Tab-Delimited to XML Conversion

The above tab-delimited file is converted to this XML:

<Persons>
                <Person>
                                <FirstName>John</FirstName>
                                <MI>H.</MI>
                                <LastName>Doe</LastName>
                </Person>
                <Person>
                                <FirstName>Sally</FirstName>
                                <LastName>Smith</LastName>
                </Person>
</Persons>

Design Decision

If a field in the tab-delimited file is empty, express that in XML by omitting the XML element.

For example, Sally does not have a middle initial, so there is no <MI> element in the XML.

Schematron Implementation

Implement Schematron to express this rule [1]:

If the person has a middle initial, then the middle initial must be an uppercase letter
of the English alphabet followed by a period symbol and nothing else.

The following Schematron faithfully implements the rule:

<sch:schema xmlns:sch="http://purl.oclc.org/dsdl/schematron"
                        queryBinding="xslt2">

                <sch:pattern id="CheckMiddleInitial">
                                <sch:rule context="Person">
                                                <sch:assert test="if (exists(MI)) then matches(MI, '^[A-Z]\.$')
                                                                              else true()">
                                                                The Middle Initial must be a letter followed by a period, and nothing else.
                                                </sch:assert>
                                </sch:rule>
                </sch:pattern>

</sch:schema>

Testing XML Documents Against the Schematron Schema

Here is an XML document that is Schematron-valid:

The following XML document is not valid because the middle initial in John Doe does not begin with an uppercase letter of the English alphabet:

<Persons>
                <Person>
                                <FirstName>John</FirstName>
                                <MI>*.</MI>
                                <LastName>Doe</LastName>
                </Person>
                <Person>
                                <FirstName>Sally</FirstName>
                                <LastName>Smith</LastName>
                </Person>
</Persons>

Likewise, all of these values would be flagged as invalid: H.xxx, HA, 6., and H

So What’s the Problem?

Recall that we made a design decision to implement empty fields in the tab-delimited file by omitting the element in the XML. Suppose that at a later date we change our decision and implement empty fields in the tab-delimited file by an empty element in the XML. For example, under the new design decision this would be the XML for the above tab-delimited file:

<Persons>
                <Person>
                                <FirstName>John</FirstName>
                                <MI>H.</MI>
                                <LastName>Doe</LastName>
                </Person>
                <Person>
                                <FirstName>Sally</FirstName>
                                <MI></MI>
                                <LastName>Smith</LastName>
                </Person>
</Persons>

Notice the empty <MI> element for Sally Smith.

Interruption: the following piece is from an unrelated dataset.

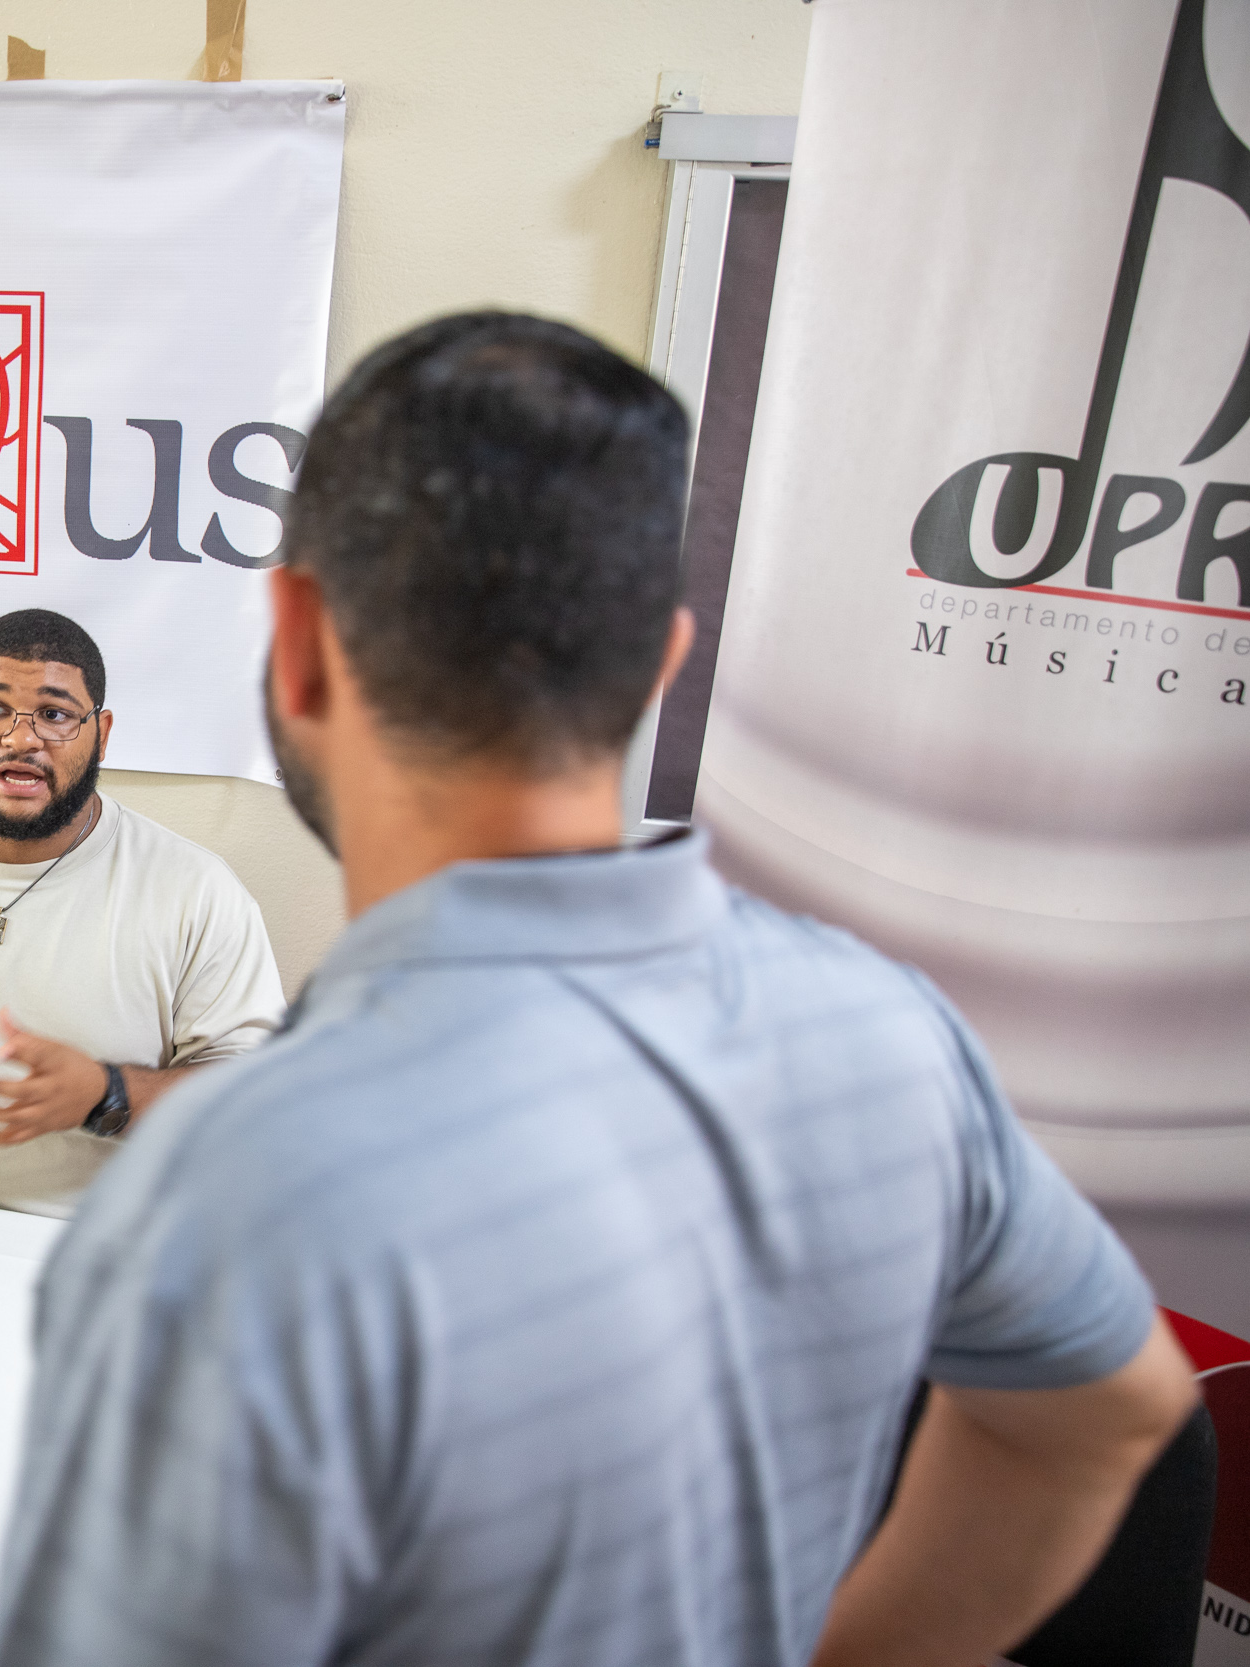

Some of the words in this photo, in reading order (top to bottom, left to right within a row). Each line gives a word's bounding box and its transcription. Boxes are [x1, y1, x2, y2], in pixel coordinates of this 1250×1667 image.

[919, 588, 1181, 648] departamento
[1204, 628, 1250, 658] de
[910, 620, 1248, 706] Música

That XML document conforms to the middle initial rule, but it fails Schematron validation.

Change Decision, Things Break

The decision we made at the start influenced the Schematron implementation and when the decision changed, the Schematron implementation broke.

The culprit is with this XPath expression in the Schematron implementation:

if (exists(MI)) then matches(…)

That XPath expression applies the matches() function whenever the <MI> element exists. But it should only apply the matches() function to non-empty <MI> elements.

Can Subsequent Activities/Implementations Shield Themselves From Upstream Decisions?

Can we implement the Schematron rule in a way that is agnostic to how empty fields in the tab-delimited file are expressed in XML? Yes, in the Schematron rule, use this XPath expression [2]:

if (MI eq '') then true()

else if (exists(MI)) then matches(MI, '^[A-Z]\.$')

else true()

If the value of the <MI> element is empty, then return true. Otherwise, apply the matches() function.

With that XPath expression, both of these <MI> elements are Schematron-valid:

Lessons Learned

Recognize the design decisions you are making. Be aware that those design decisions may influence subsequent activities. Document your design decisions. Put the design decision on big banners (figuratively) for all subsequent activities and implementers to see. Think of alternate designs. Check the subsequent activities to see that they will still work properly if an alternate design is later adopted.

Notes

[1] The rule for middle initials is intentionally simplistic. The rule would need to be expanded to make it useful in a world-wide setting.

[2] This XPath expression is perhaps not the best (simplest, shortest, fastest) but it is simple and easy to understand.